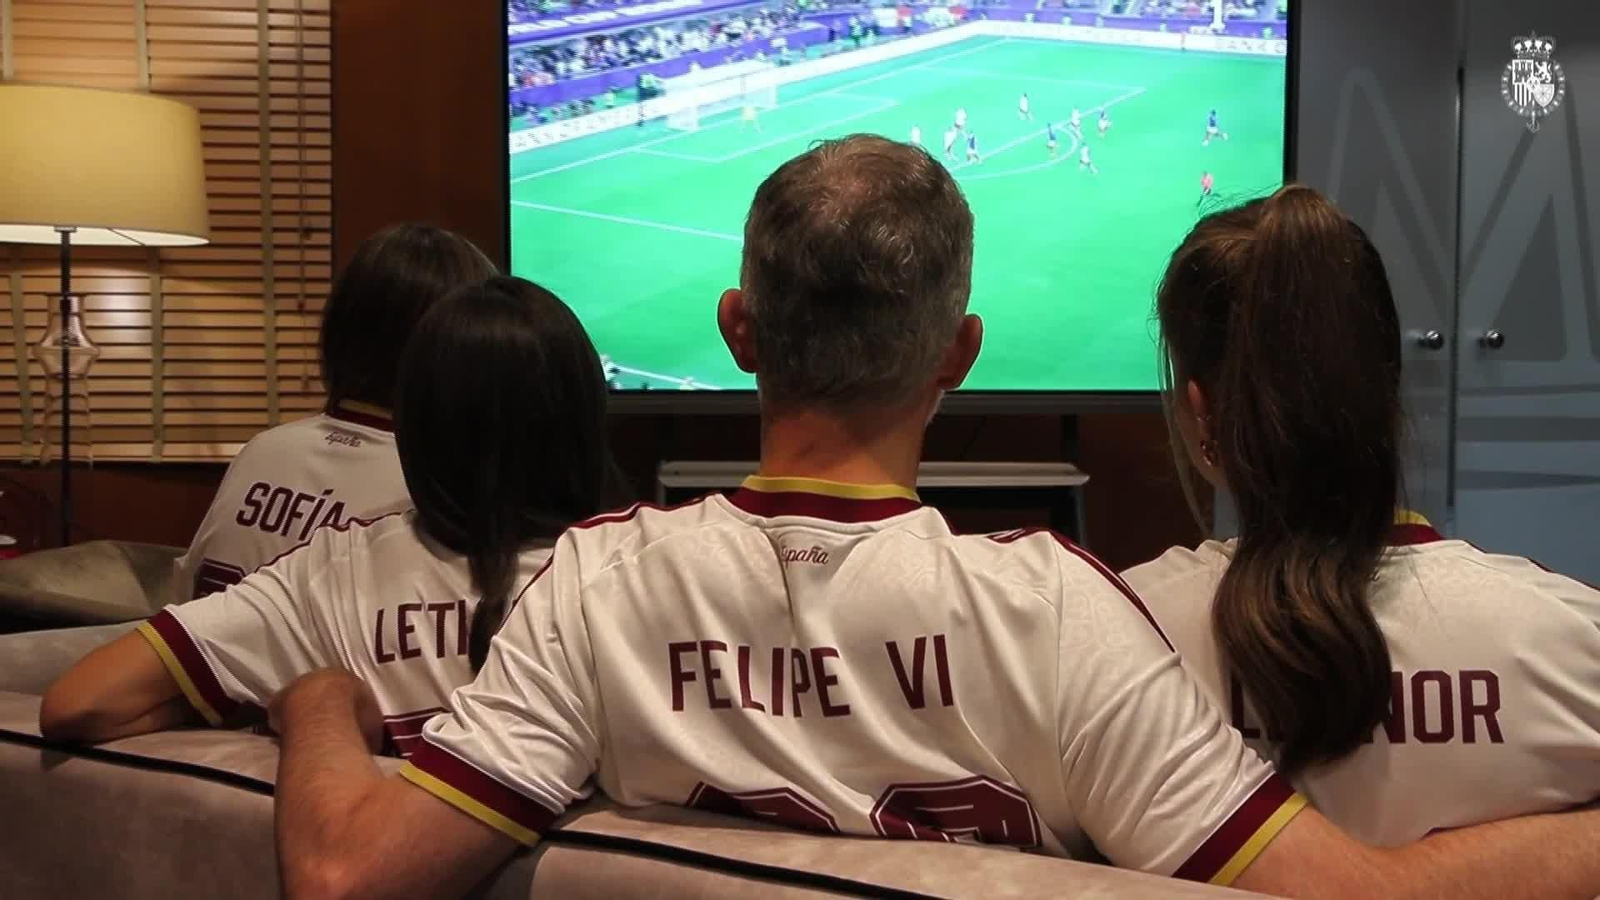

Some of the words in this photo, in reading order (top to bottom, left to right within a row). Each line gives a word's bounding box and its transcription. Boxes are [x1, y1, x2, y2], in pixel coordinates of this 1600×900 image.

[236, 481, 346, 541] SOFÍA
[668, 640, 851, 718] FELIPE
[885, 634, 954, 710] VI
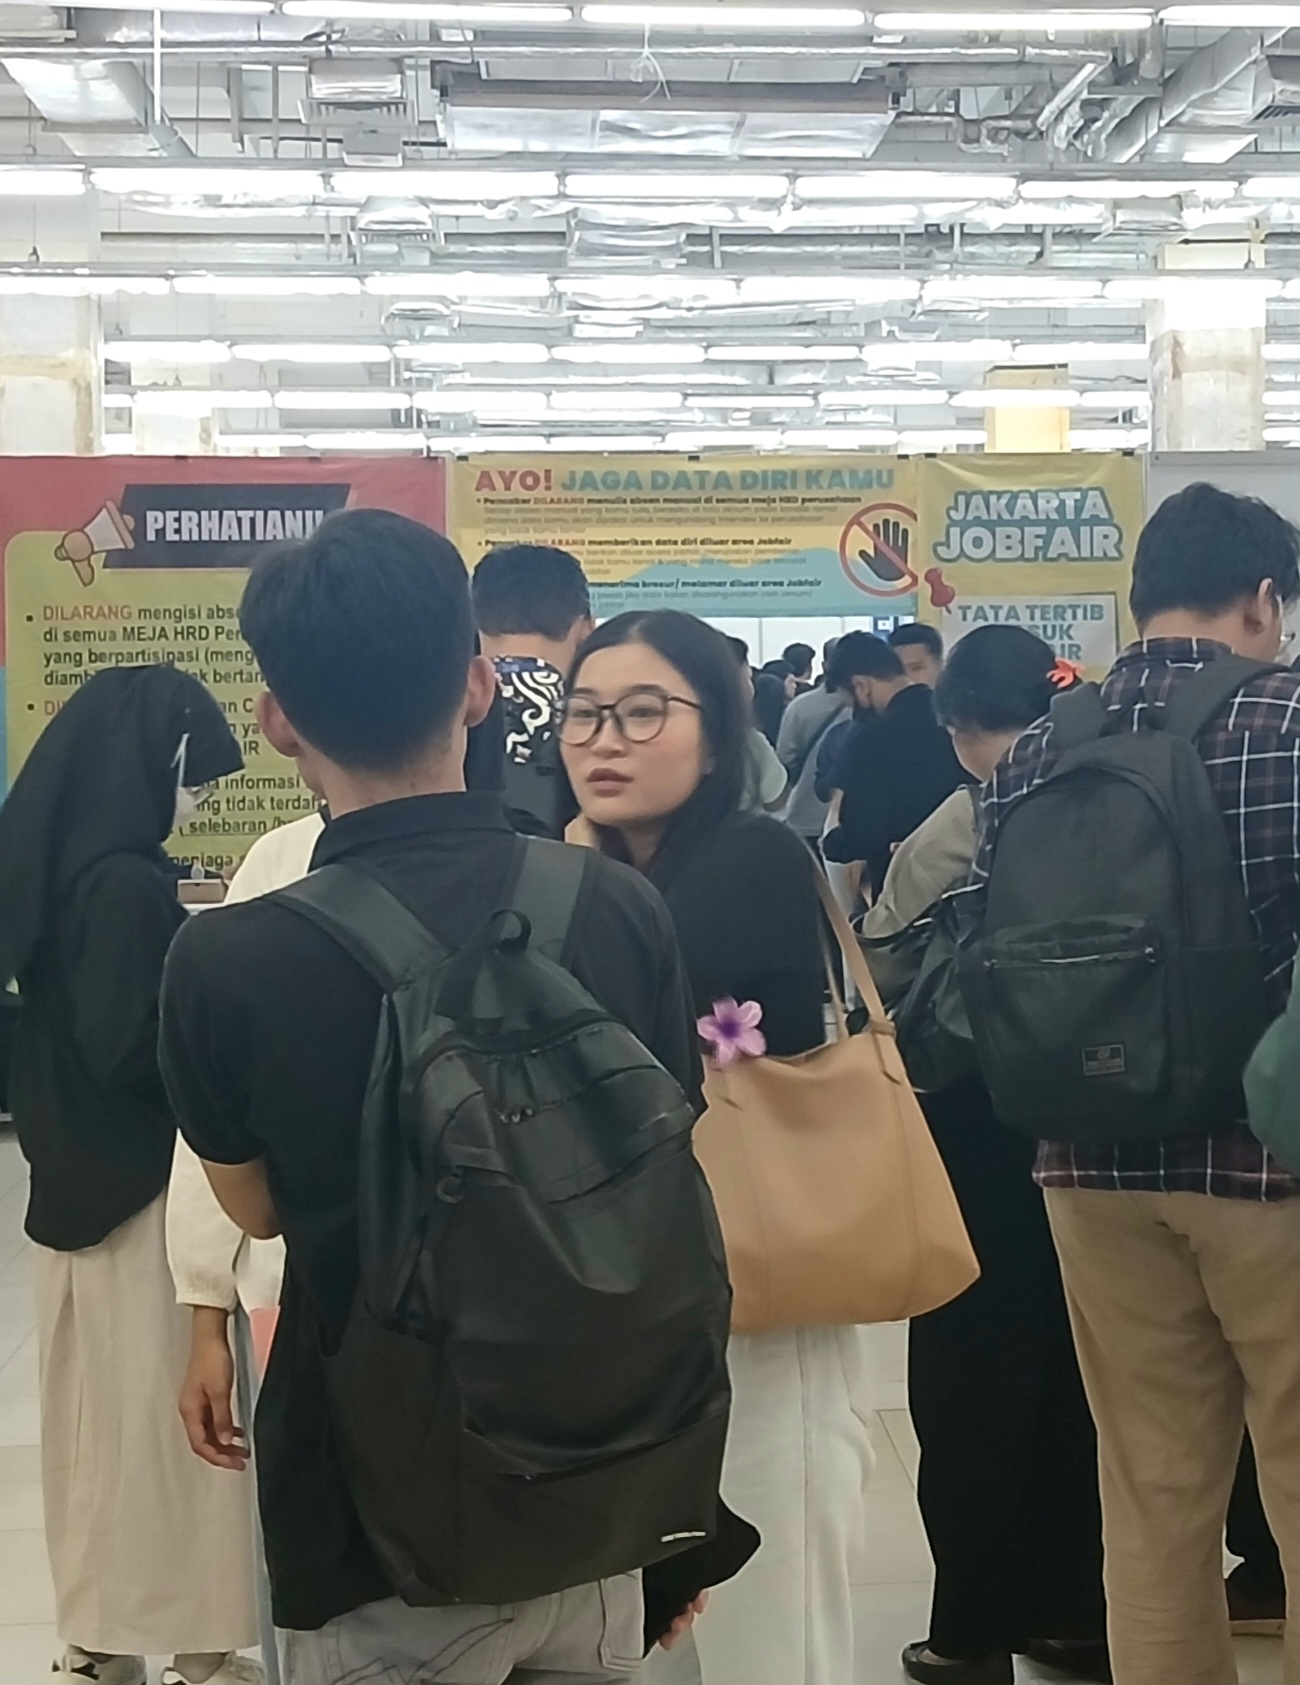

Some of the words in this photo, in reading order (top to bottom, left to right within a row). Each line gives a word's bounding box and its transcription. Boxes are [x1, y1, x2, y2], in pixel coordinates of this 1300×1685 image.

## WHAT THE EXERCISE ASKS:
Could you output the full set of entries exactly, skipping every picture?

## RESULT:
Some of the words in this photo, in reading order (top to bottom, left to right within a row). Each line gives a word's bounding box and its transcription. Boxes are [x1, y1, x2, y2], in pixel coordinates of this 1600×900 image.

[236, 481, 346, 541] SOFÍA
[668, 640, 851, 718] FELIPE
[885, 634, 954, 710] VI

Some of the words in this photo, in reading order (top to bottom, left to right within a row). Each line gives a word's bounding box and its transcription. Boxes are [x1, y1, x2, y2], in pixel coordinates of this 1300×1685 image.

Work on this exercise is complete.